Dataset entries.
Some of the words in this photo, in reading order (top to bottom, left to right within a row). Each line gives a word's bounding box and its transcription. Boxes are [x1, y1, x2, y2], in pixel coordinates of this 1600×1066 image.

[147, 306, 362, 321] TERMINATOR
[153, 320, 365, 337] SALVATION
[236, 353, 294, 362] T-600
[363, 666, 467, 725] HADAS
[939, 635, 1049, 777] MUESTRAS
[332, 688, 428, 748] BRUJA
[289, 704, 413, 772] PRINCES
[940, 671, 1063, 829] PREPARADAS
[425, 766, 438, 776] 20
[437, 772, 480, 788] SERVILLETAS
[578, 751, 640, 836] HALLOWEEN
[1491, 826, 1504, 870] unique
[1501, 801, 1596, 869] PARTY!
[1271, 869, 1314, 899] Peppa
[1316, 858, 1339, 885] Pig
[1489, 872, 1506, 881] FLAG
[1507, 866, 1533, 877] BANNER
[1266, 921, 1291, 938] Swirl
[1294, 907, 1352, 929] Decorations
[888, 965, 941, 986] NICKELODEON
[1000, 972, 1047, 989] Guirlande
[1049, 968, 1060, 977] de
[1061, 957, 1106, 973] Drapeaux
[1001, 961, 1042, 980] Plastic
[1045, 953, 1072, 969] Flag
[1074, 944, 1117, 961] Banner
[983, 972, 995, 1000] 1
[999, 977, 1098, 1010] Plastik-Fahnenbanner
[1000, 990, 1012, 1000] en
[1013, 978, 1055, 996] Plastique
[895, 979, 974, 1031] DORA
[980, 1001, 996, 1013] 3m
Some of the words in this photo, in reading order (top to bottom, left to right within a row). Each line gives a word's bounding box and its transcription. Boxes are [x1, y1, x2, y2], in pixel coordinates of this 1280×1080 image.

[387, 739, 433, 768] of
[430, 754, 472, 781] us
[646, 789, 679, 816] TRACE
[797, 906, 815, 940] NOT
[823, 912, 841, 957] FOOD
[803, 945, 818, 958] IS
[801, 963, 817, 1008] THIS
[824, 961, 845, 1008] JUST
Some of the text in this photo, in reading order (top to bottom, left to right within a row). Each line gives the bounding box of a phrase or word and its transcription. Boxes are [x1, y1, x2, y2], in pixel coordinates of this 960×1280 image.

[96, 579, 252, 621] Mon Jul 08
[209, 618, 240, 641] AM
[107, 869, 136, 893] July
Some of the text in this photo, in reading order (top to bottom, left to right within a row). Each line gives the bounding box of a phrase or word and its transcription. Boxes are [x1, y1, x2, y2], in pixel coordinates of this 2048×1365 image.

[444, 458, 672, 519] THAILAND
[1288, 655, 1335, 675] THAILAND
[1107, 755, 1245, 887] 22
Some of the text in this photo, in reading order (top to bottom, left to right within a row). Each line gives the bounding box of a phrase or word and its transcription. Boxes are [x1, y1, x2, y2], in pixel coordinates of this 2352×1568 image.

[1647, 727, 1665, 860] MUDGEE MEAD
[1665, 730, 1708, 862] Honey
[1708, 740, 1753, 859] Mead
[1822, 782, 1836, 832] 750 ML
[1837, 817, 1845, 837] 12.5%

Problem to work on. Transcribe every entry verbatim.

Response to the task.
Some of the words in this photo, in reading order (top to bottom, left to right within a row). Each line gives a word's bounding box and its transcription. Boxes are [x1, y1, x2, y2], in pixel coordinates of this 1600×1066 image.

[147, 306, 362, 321] TERMINATOR
[153, 320, 365, 337] SALVATION
[236, 353, 294, 362] T-600
[363, 666, 467, 725] HADAS
[939, 635, 1049, 777] MUESTRAS
[332, 688, 428, 748] BRUJA
[289, 704, 413, 772] PRINCES
[940, 671, 1063, 829] PREPARADAS
[425, 766, 438, 776] 20
[437, 772, 480, 788] SERVILLETAS
[578, 751, 640, 836] HALLOWEEN
[1491, 826, 1504, 870] unique
[1501, 801, 1596, 869] PARTY!
[1271, 869, 1314, 899] Peppa
[1316, 858, 1339, 885] Pig
[1489, 872, 1506, 881] FLAG
[1507, 866, 1533, 877] BANNER
[1266, 921, 1291, 938] Swirl
[1294, 907, 1352, 929] Decorations
[888, 965, 941, 986] NICKELODEON
[1000, 972, 1047, 989] Guirlande
[1049, 968, 1060, 977] de
[1061, 957, 1106, 973] Drapeaux
[1001, 961, 1042, 980] Plastic
[1045, 953, 1072, 969] Flag
[1074, 944, 1117, 961] Banner
[983, 972, 995, 1000] 1
[999, 977, 1098, 1010] Plastik-Fahnenbanner
[1000, 990, 1012, 1000] en
[1013, 978, 1055, 996] Plastique
[895, 979, 974, 1031] DORA
[980, 1001, 996, 1013] 3m
Some of the words in this photo, in reading order (top to bottom, left to right within a row). Each line gives a word's bounding box and its transcription. Boxes are [x1, y1, x2, y2], in pixel coordinates of this 1280×1080 image.

[387, 739, 433, 768] of
[430, 754, 472, 781] us
[646, 789, 679, 816] TRACE
[797, 906, 815, 940] NOT
[823, 912, 841, 957] FOOD
[803, 945, 818, 958] IS
[801, 963, 817, 1008] THIS
[824, 961, 845, 1008] JUST
Some of the text in this photo, in reading order (top to bottom, left to right within a row). Each line gives the bounding box of a phrase or word and its transcription. Boxes are [x1, y1, x2, y2], in pixel coordinates of this 960×1280 image.

[96, 579, 252, 621] Mon Jul 08
[209, 618, 240, 641] AM
[107, 869, 136, 893] July
Some of the text in this photo, in reading order (top to bottom, left to right within a row). Each line gives the bounding box of a phrase or word and its transcription. Boxes are [x1, y1, x2, y2], in pixel coordinates of this 2048×1365 image.

[444, 458, 672, 519] THAILAND
[1288, 655, 1335, 675] THAILAND
[1107, 755, 1245, 887] 22
Some of the text in this photo, in reading order (top to bottom, left to right within a row). Each line gives the bounding box of a phrase or word and its transcription. Boxes are [x1, y1, x2, y2], in pixel coordinates of this 2352×1568 image.

[1647, 727, 1665, 860] MUDGEE MEAD
[1665, 730, 1708, 862] Honey
[1708, 740, 1753, 859] Mead
[1822, 782, 1836, 832] 750 ML
[1837, 817, 1845, 837] 12.5%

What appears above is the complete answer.